Background: Cytokine-stimulated endothelial cells (EC) propagate hematopoietic progenitor cell (HPC) expansion. However, the effects on the functional capacities of cultured progenitors have not been evaluated. HPC were assessed by flow cytometry, colony and cobblestone assays and long-term cultures (LTC) after culturing in the supernatant of EC stimulated by IL-1 beta, IL-3 or IL-6. Results: EC incubation with IL-6 did not improve cell expansion in comparison to non-stimulated EC supernatant, while the HPCs' phenotype and functional capacities were retained. In contrast, IL-1 beta and IL-3 stimulation resulted in a 10- and 100-fold increase in cell numbers with more than 90% of these cells being CD33(+).

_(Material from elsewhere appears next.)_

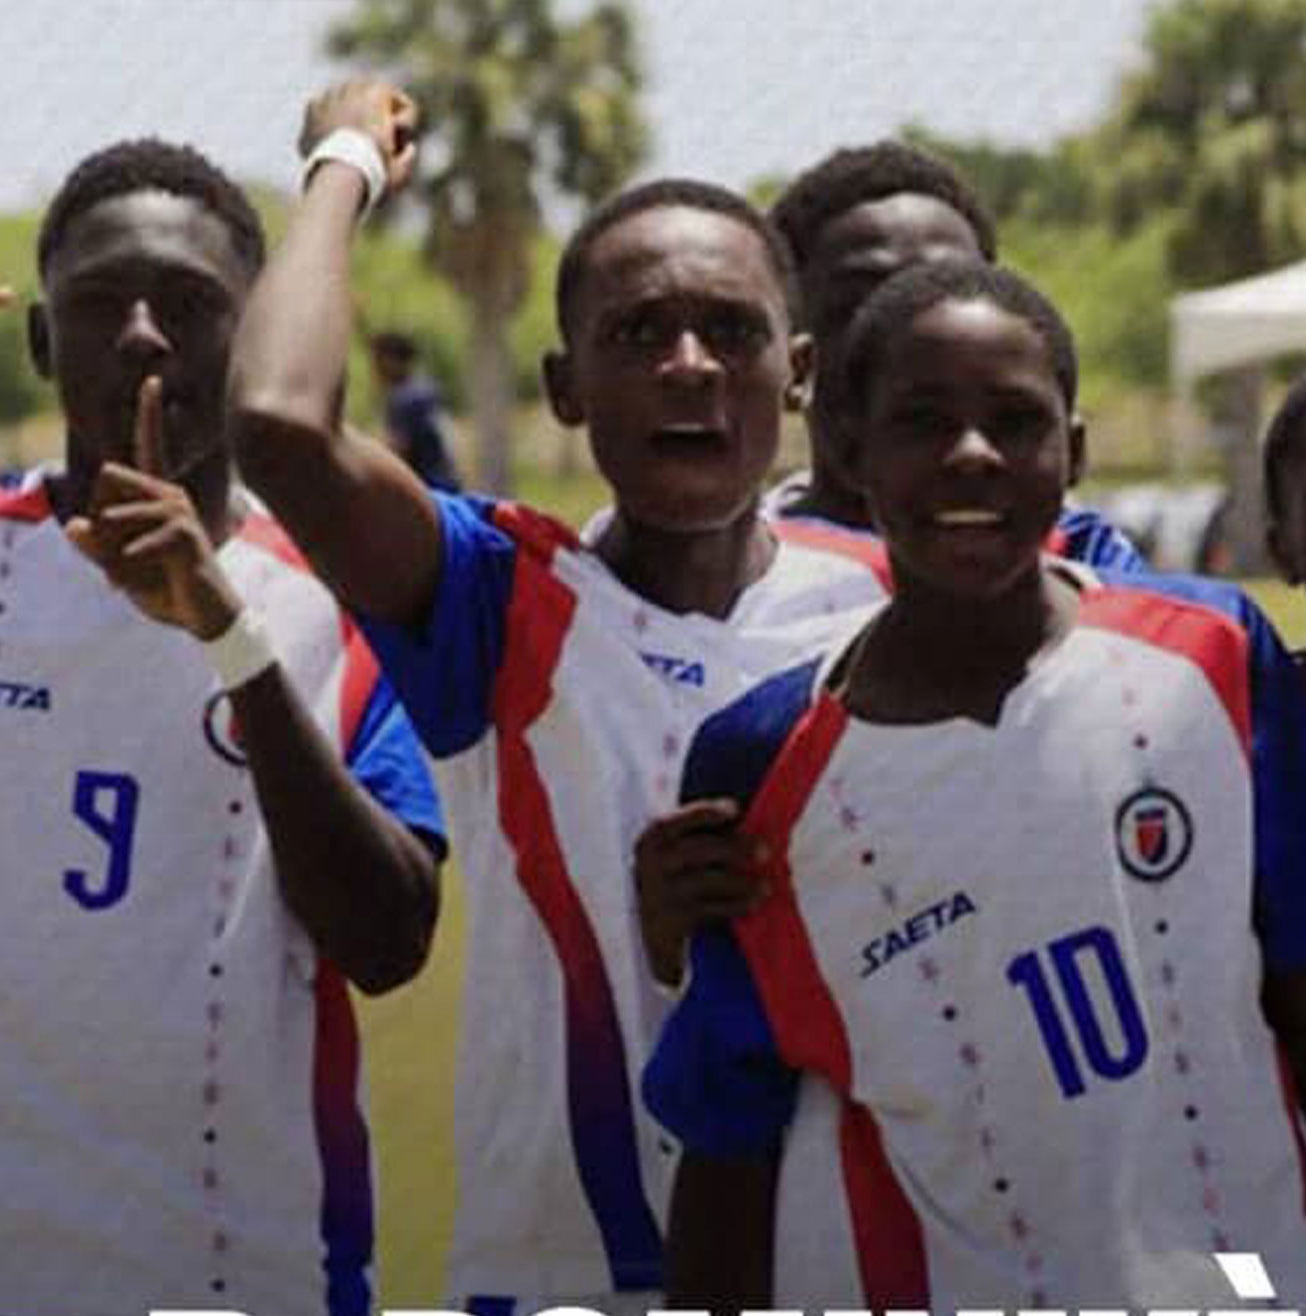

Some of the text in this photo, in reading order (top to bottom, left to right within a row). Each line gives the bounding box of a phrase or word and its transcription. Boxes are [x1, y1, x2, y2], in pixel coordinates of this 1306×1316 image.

[62, 769, 141, 911] 9
[859, 890, 977, 979] SAETA
[1005, 924, 1150, 1100] 10

Plating efficiencies and LTC initiating cells were greatest in IL-6 supernatants, whereas the highest numbers of burst-forming units were observed using IL-3. IL-1 beta supernatants diminished the number of 5-week cobblestone-areas, whereas the number of 2-week cobblestone areas remained equal to freshly isolated HPC. Fewer 2-week cobblestones and greater amounts of 5-week cobblestones were observed with IL-6 and IL-3. Expanded progenitors from all interleukin conditions were further matured into functional granulocytes. Conclusion: IL-1 beta and IL-3 stimulated endothelium induces proliferation and differentiation of myeloid precursors, while IL-6 treatment induced a benefit of HPC survival.